Times were changing. There was now one car for every 800 people, a huge change from the year before, when there was one car for every 65,000. The company was already servicing automobiles as a sideline. To Frederick, who graduated from Ohio State University where he was the first Black to play on the football team and served as class president, now was the time to build their own car.

Frederick pondered what it should be. Their shop was not a custom coachbuilder, nor a mass producer. It was somewhere in-between. And that’s what he wanted from his new car. Also, it had to be practical for family use; large, but not too large. Finally, it had to be reasonably priced, yet contain the quality the company was known for.

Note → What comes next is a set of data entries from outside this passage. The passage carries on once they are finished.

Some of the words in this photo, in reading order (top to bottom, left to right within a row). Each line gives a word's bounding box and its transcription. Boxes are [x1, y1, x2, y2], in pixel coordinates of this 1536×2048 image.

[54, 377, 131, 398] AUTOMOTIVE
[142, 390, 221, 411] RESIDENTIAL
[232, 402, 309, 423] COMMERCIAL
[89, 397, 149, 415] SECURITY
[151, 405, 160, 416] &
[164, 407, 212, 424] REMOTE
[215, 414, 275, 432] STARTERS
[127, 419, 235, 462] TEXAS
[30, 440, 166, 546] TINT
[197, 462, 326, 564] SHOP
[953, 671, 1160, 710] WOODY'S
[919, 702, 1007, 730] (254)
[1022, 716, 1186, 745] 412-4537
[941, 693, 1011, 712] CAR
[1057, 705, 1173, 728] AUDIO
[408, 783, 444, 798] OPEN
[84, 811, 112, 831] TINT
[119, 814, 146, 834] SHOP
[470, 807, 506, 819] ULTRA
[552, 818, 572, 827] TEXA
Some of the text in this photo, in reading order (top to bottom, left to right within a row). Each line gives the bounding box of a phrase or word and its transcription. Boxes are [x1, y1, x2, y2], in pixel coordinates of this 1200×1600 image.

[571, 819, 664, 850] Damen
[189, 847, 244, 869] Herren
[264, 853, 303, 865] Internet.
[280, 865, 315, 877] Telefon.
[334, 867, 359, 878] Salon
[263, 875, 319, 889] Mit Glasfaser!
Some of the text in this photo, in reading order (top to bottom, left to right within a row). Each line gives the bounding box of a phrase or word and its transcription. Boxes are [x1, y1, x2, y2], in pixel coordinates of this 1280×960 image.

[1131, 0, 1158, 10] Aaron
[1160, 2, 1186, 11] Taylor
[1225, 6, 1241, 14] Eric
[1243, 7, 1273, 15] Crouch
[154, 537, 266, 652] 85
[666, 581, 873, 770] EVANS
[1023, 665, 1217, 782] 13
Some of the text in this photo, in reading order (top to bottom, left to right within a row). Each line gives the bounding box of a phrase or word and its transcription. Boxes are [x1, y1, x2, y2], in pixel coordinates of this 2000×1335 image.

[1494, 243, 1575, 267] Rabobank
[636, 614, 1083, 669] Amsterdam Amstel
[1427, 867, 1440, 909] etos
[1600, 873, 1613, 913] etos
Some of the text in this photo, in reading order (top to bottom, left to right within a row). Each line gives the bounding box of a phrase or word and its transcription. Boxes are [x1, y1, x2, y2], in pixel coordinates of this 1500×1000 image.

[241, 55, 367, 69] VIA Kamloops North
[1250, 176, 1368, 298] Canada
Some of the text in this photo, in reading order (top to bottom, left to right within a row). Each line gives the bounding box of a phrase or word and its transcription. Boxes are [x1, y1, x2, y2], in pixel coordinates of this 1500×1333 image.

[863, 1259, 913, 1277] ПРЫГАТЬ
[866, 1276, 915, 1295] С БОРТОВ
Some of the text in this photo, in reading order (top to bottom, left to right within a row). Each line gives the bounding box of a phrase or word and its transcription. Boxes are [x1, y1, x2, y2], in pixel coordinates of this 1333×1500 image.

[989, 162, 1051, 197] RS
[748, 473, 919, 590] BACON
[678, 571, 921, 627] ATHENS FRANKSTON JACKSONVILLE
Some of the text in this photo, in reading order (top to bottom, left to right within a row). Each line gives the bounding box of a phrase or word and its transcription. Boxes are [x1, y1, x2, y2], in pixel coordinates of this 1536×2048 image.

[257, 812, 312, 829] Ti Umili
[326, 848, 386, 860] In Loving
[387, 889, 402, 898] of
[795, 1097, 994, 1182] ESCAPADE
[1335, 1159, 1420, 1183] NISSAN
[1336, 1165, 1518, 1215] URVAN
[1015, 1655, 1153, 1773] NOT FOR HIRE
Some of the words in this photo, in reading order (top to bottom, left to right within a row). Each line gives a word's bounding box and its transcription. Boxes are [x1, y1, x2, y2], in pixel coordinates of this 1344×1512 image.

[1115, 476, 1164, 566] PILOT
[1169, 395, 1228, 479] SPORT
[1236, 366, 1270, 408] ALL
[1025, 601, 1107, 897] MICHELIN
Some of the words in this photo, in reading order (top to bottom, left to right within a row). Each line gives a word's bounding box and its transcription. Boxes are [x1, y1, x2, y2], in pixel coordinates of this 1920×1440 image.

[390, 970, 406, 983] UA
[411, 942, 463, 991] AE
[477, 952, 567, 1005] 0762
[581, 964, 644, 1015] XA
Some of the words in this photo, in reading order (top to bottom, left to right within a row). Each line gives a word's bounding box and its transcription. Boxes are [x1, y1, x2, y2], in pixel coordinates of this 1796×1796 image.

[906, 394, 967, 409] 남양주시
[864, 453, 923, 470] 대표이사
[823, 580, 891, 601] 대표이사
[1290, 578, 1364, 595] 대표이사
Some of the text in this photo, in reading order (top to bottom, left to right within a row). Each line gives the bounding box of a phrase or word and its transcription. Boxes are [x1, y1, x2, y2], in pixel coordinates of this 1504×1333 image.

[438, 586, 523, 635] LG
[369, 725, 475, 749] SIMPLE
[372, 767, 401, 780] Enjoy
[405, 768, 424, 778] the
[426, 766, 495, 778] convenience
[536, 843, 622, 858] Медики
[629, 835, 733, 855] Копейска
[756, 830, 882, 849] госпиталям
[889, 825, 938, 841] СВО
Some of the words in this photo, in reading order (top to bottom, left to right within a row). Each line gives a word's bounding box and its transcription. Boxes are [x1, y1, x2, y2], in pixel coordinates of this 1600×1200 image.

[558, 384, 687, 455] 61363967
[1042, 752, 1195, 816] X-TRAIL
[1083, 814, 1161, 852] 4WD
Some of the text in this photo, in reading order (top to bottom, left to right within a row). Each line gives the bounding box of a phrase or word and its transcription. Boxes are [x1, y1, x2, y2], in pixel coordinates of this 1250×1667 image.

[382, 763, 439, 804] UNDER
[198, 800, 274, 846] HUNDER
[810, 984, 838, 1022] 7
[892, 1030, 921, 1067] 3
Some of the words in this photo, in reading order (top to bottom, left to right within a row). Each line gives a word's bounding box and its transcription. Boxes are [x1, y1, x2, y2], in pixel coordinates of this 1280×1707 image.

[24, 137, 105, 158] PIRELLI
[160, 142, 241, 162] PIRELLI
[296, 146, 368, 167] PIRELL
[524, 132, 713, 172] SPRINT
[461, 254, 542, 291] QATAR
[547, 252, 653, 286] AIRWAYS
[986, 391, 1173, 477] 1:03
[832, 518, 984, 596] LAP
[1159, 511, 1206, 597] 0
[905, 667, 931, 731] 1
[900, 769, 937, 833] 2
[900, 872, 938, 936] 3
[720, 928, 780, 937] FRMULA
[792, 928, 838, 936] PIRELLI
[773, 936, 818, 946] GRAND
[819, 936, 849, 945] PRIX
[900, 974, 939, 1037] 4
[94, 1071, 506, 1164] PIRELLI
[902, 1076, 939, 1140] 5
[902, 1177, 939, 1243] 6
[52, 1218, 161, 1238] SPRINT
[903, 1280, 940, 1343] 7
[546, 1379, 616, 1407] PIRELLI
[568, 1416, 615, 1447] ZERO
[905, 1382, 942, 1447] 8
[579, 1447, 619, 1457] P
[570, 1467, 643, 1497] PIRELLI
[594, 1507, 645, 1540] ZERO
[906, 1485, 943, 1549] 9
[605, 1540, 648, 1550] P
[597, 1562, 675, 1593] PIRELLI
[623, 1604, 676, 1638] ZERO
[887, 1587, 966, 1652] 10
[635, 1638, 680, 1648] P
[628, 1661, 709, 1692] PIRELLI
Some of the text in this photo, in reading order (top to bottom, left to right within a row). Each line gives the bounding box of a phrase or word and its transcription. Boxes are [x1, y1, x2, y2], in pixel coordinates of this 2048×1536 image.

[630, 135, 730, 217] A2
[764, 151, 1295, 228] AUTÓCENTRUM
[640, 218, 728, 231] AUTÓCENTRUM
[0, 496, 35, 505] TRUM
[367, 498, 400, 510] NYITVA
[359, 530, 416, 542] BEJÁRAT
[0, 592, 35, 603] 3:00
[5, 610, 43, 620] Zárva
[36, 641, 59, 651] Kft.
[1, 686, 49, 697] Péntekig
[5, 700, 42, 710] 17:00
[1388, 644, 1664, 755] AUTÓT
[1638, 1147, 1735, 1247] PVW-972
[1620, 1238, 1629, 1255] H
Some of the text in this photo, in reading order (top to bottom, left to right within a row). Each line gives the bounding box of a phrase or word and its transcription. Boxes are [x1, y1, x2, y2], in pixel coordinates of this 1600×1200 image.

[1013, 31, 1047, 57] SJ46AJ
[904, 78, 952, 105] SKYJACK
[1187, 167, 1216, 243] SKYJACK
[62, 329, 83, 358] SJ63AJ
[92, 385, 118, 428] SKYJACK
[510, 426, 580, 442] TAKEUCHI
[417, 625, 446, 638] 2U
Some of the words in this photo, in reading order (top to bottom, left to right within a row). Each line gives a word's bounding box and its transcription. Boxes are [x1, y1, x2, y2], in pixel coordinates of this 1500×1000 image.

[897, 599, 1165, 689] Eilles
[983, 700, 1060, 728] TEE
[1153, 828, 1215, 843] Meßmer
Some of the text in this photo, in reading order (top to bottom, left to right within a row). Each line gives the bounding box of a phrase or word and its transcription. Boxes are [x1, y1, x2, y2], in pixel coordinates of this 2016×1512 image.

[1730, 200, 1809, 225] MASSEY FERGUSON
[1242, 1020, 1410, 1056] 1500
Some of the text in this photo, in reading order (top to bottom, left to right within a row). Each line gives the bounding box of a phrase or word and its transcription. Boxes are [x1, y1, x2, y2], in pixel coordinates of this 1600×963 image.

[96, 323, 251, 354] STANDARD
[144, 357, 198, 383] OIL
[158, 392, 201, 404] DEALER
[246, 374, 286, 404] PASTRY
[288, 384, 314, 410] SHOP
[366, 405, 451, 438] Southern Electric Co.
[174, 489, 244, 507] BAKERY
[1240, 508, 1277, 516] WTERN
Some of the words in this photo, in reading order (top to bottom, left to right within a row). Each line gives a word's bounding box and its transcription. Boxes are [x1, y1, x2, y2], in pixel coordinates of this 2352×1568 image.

It proved successful, for a time.

So what went wrong?

Patterson produced his car through 1917. But a World War was raging and raw material costs were rising. Being Black-owned, the company was blocked from obtaining the financing needed to expand, so Patterson couldn’t compete with the deep pockets of larger mass producers like Ford, General Motors and Studebaker, which also had a decade’s head start.

Patterson experimented with cars as early as 1902. Had he started then, the year that carriagebuilder Studebaker built its first car, one year before Ford Motor Co. was founded, and six years before GM was established, he might have stood a chance.

The company thrived until the death of Frederick in 1932, after which the company slowly declined.

The company returns to its roots

Patterson turned to producing custom bodies for commercial vehicles, which the company had successfully done as carriagebuilders. The company supplied school bus bodies across Ohio, West Virginia and Kentucky, as well as the first transit buses in Cincinnati and Cleveland.

It also fabricated insulated cargo trucks, hearses, moving vans, ice, bakery and milk trucks on Chevrolet, Dodge, Ford, Graham, Reo, and International chassis. Frederick’s son, Frederick Jr., oversaw their design.

The company thrived until the death of Frederick in 1932, after which the company slowly declined. New school bus safety standards in 1935 strained the business as the company struggled to compete against larger, better-financed competitors. In the end, a misguided move to Gallipolis, Ohio proved fatal.

By 1939, the company closed.

Today, 156 years after the Civil War’s end, the U.S. is still struggling to reconcile democracy with slavery. That a Black-owned firm, C.R. Patterson & Sons of Greenfield, Ohio, could find success in such a malicious environment over three generations should be held up for the significant accomplishment that it is, and an example of how anyone can overcome adversity.